What is required -
Skipping each picture, output the entries exactly as they stand below.

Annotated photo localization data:
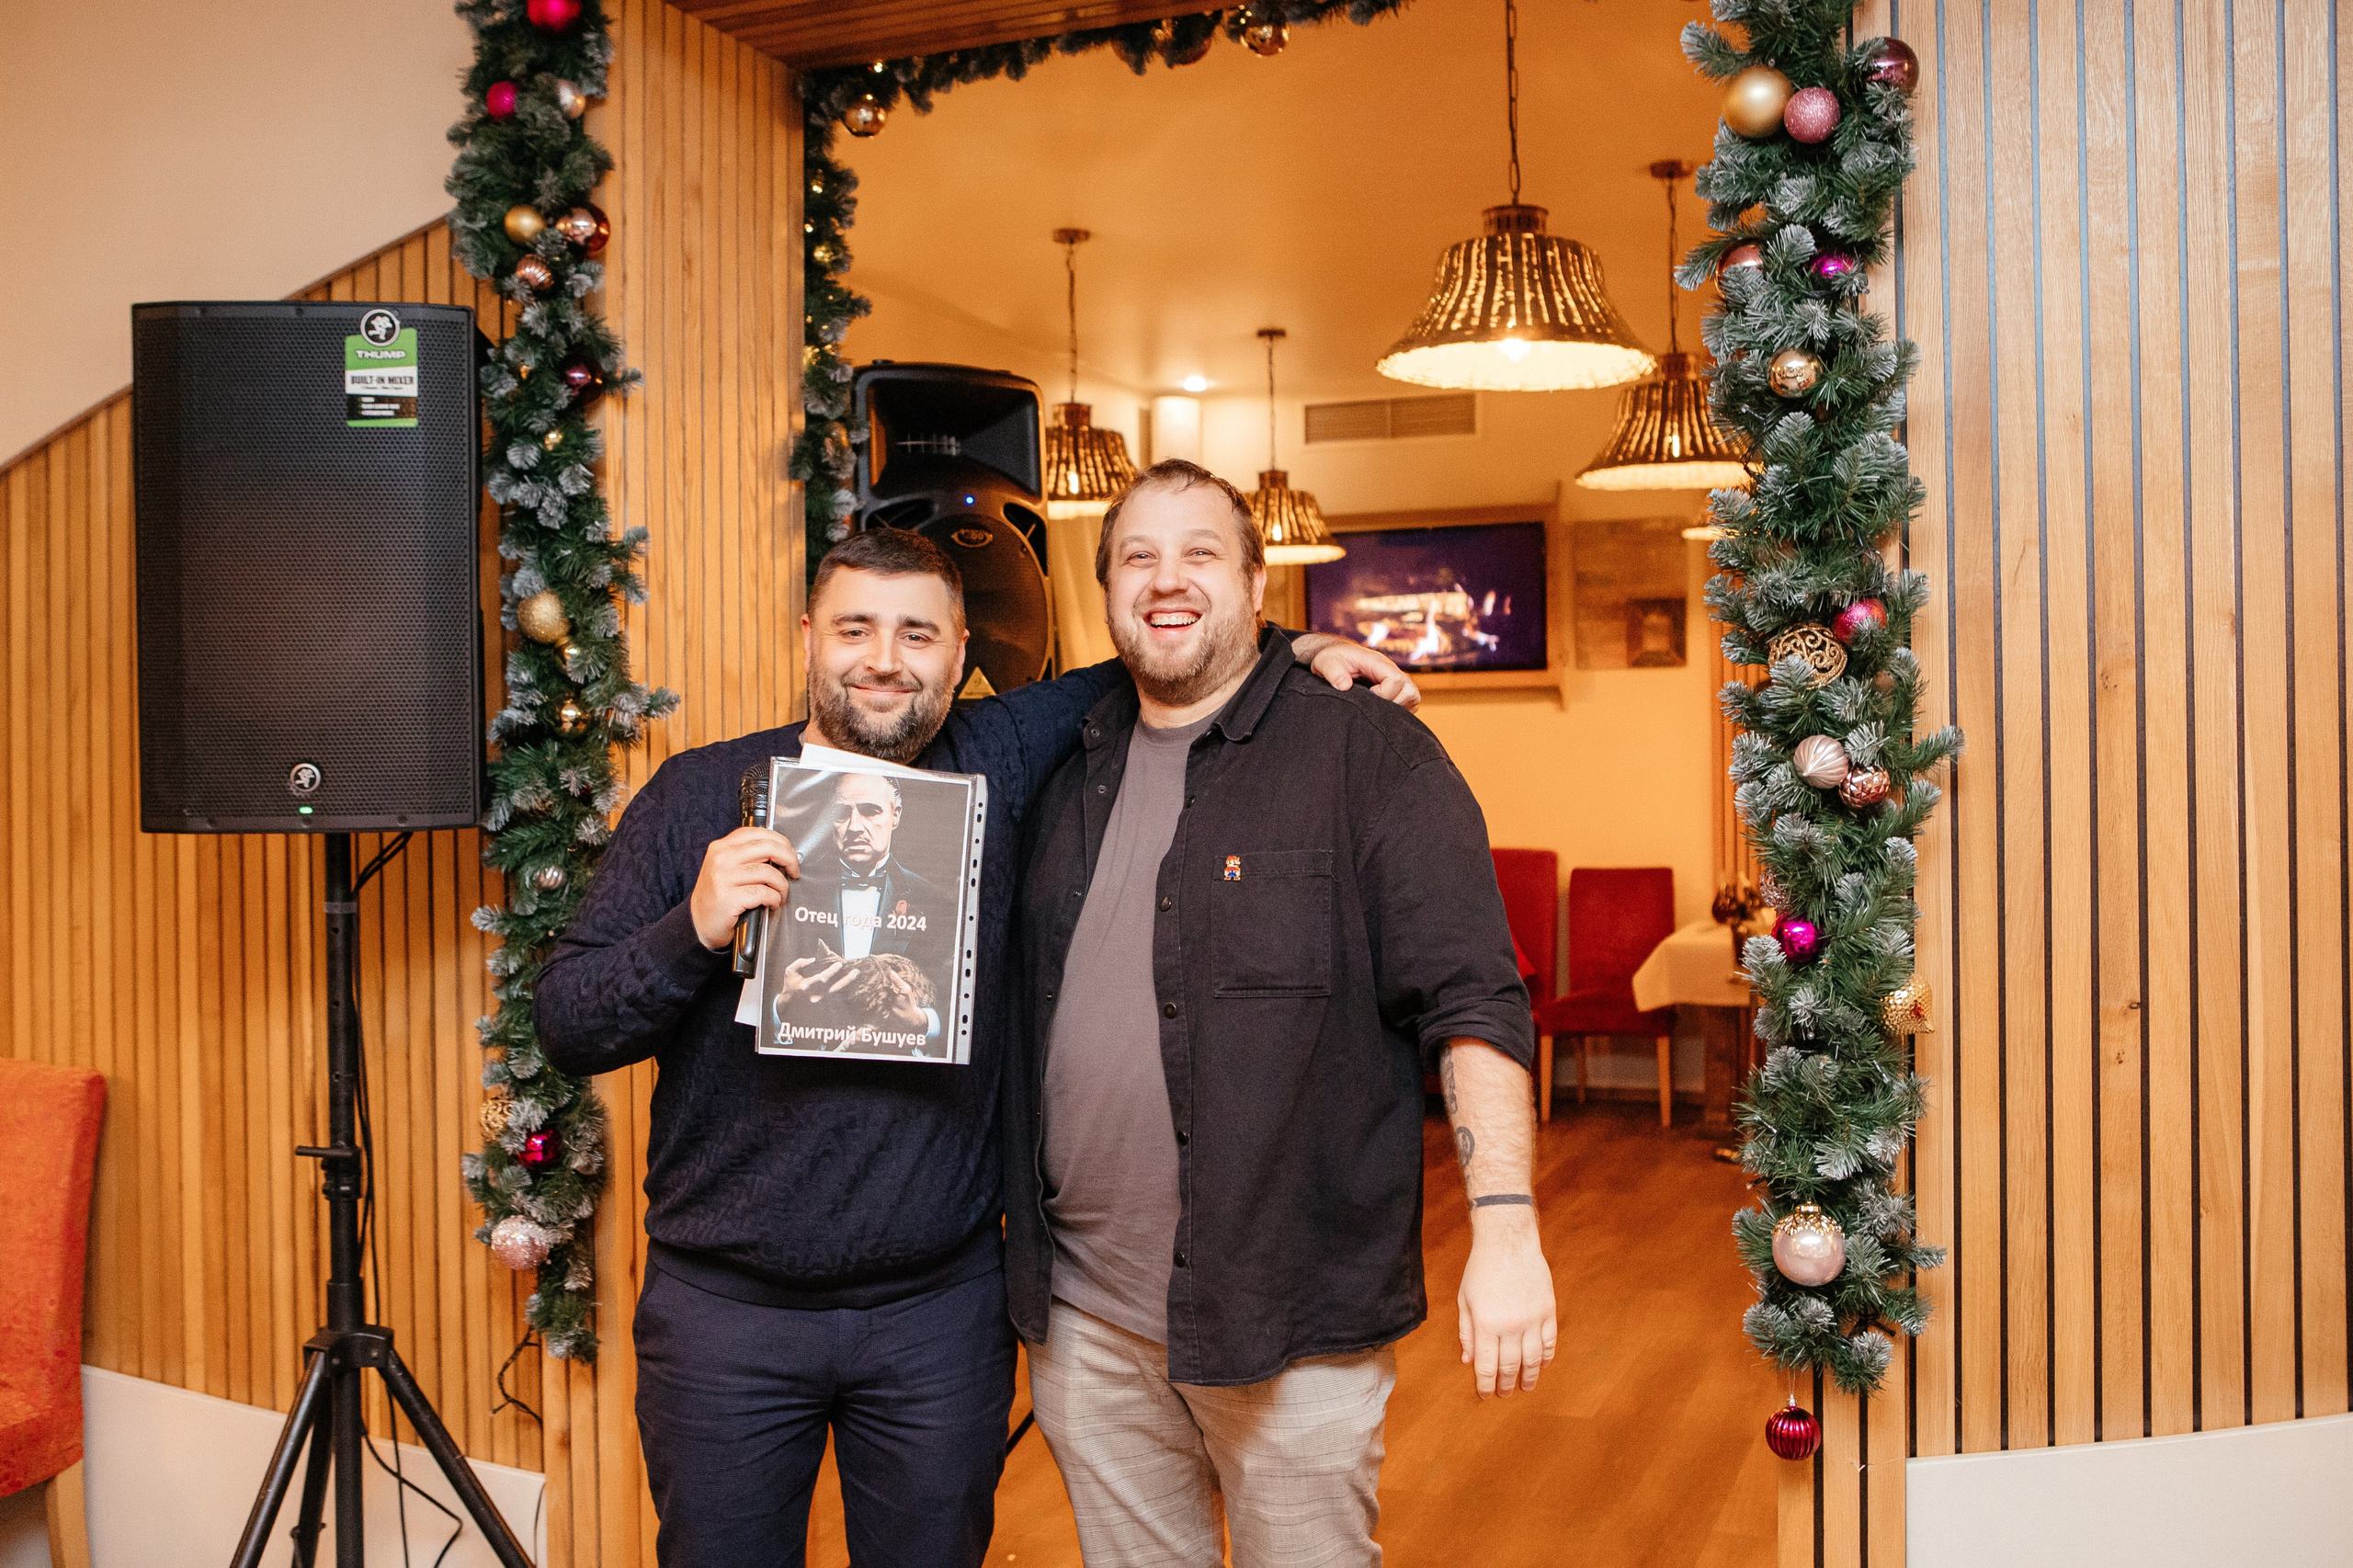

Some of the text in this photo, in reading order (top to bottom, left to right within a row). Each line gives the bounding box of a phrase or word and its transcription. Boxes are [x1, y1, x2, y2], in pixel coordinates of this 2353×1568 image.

[356, 350, 406, 358] THUMP
[388, 376, 414, 384] MIXER
[794, 906, 927, 931] Отец года 2024
[778, 1022, 926, 1048] Дмитрий Бушуев
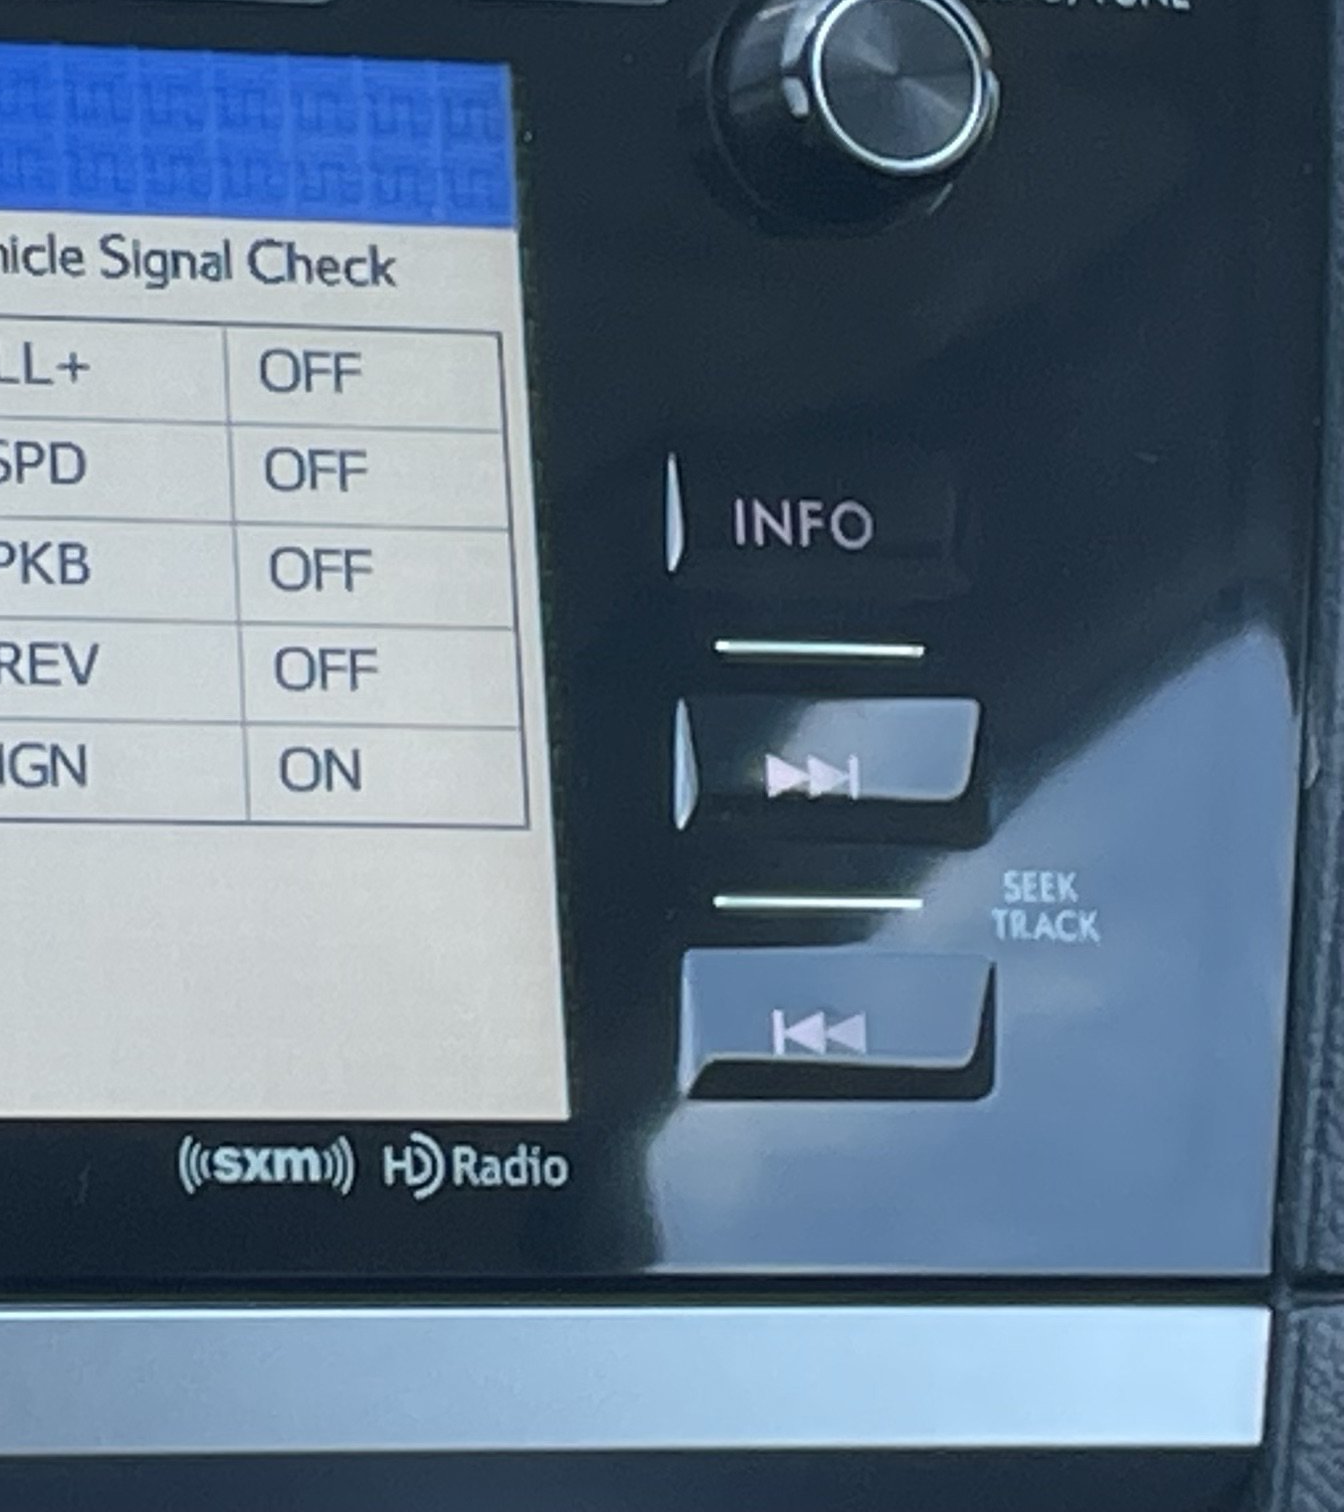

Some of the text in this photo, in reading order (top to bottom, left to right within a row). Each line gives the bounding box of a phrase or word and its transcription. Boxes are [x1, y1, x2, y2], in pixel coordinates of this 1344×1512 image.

[100, 236, 232, 290] Signal
[247, 240, 397, 288] Check
[258, 348, 363, 394] OFF
[264, 447, 369, 492] OFF
[734, 498, 874, 551] INFO
[268, 546, 373, 592] OFF
[273, 647, 379, 691] OFF
[277, 747, 363, 793] ON
[1004, 870, 1079, 904] SEEK
[991, 907, 1101, 943] TRACK
[452, 1143, 569, 1187] Radio
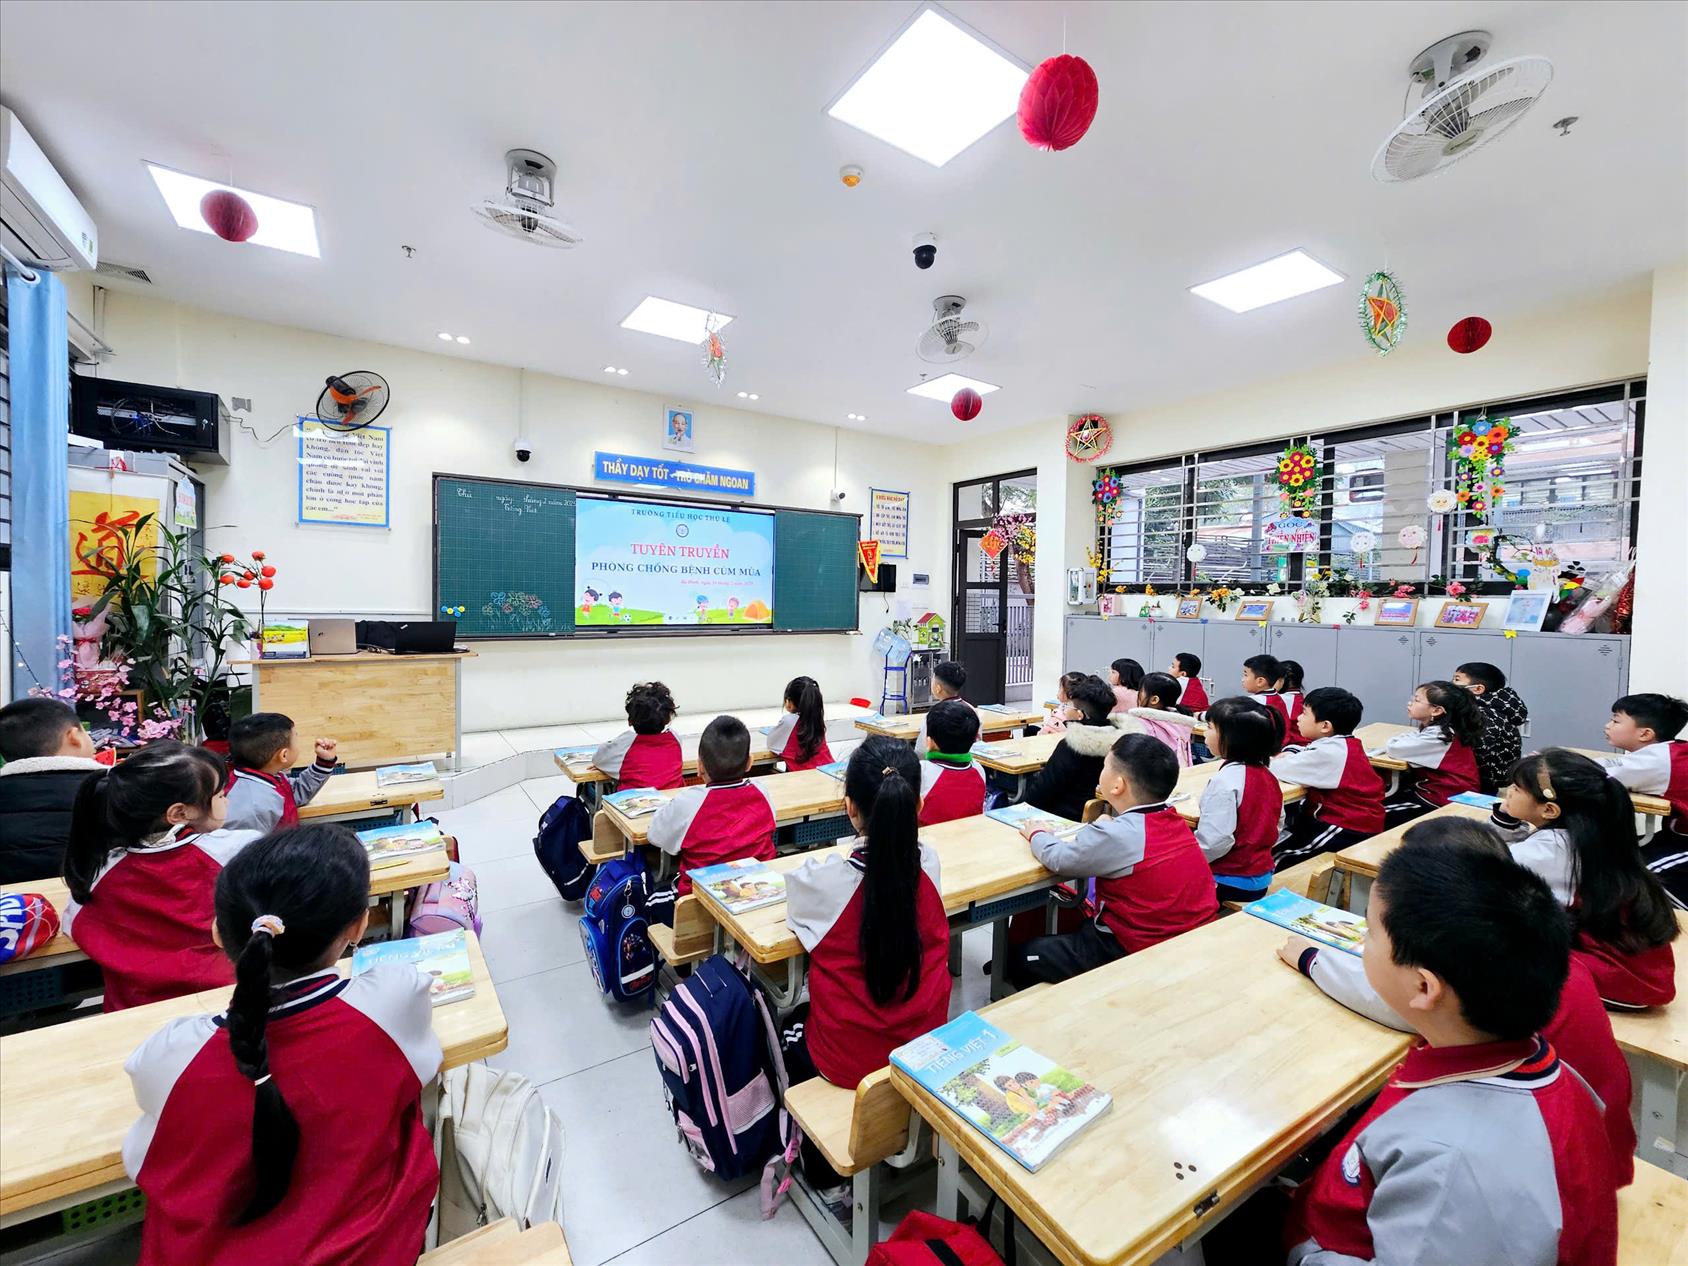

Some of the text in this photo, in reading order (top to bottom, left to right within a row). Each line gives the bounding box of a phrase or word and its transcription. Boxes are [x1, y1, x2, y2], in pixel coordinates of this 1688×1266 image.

[602, 457, 627, 475] THẦY
[629, 464, 650, 481] DẠY
[652, 463, 669, 480] TỐT
[720, 475, 749, 490] NGOAN
[630, 542, 730, 560] TUYÊN TRUYỀN
[591, 560, 634, 572] PHÒNG
[637, 561, 678, 574] CHỐNG
[983, 1029, 999, 1040] 1

Answer to this exercise -
Some of the text in this photo, in reading order (top to bottom, left to right within a row). Each line gives the bounding box of a phrase or word and its transcription. Boxes are [x1, y1, x2, y2], in pixel coordinates of this 2353×1568 image.

[356, 350, 406, 358] THUMP
[388, 376, 414, 384] MIXER
[794, 906, 927, 931] Отец года 2024
[778, 1022, 926, 1048] Дмитрий Бушуев

Some of the text in this photo, in reading order (top to bottom, left to right within a row). Each line gives the bounding box of a phrase or word and its transcription. Boxes are [x1, y1, x2, y2], in pixel coordinates of this 1344×1512 image.

[100, 236, 232, 290] Signal
[247, 240, 397, 288] Check
[258, 348, 363, 394] OFF
[264, 447, 369, 492] OFF
[734, 498, 874, 551] INFO
[268, 546, 373, 592] OFF
[273, 647, 379, 691] OFF
[277, 747, 363, 793] ON
[1004, 870, 1079, 904] SEEK
[991, 907, 1101, 943] TRACK
[452, 1143, 569, 1187] Radio

Some of the text in this photo, in reading order (top to bottom, left to right within a row). Each line gives the bounding box of a phrase or word and its transcription. Boxes are [x1, y1, x2, y2], in pixel coordinates of this 1688×1266 image.

[602, 457, 627, 475] THẦY
[629, 464, 650, 481] DẠY
[652, 463, 669, 480] TỐT
[720, 475, 749, 490] NGOAN
[630, 542, 730, 560] TUYÊN TRUYỀN
[591, 560, 634, 572] PHÒNG
[637, 561, 678, 574] CHỐNG
[983, 1029, 999, 1040] 1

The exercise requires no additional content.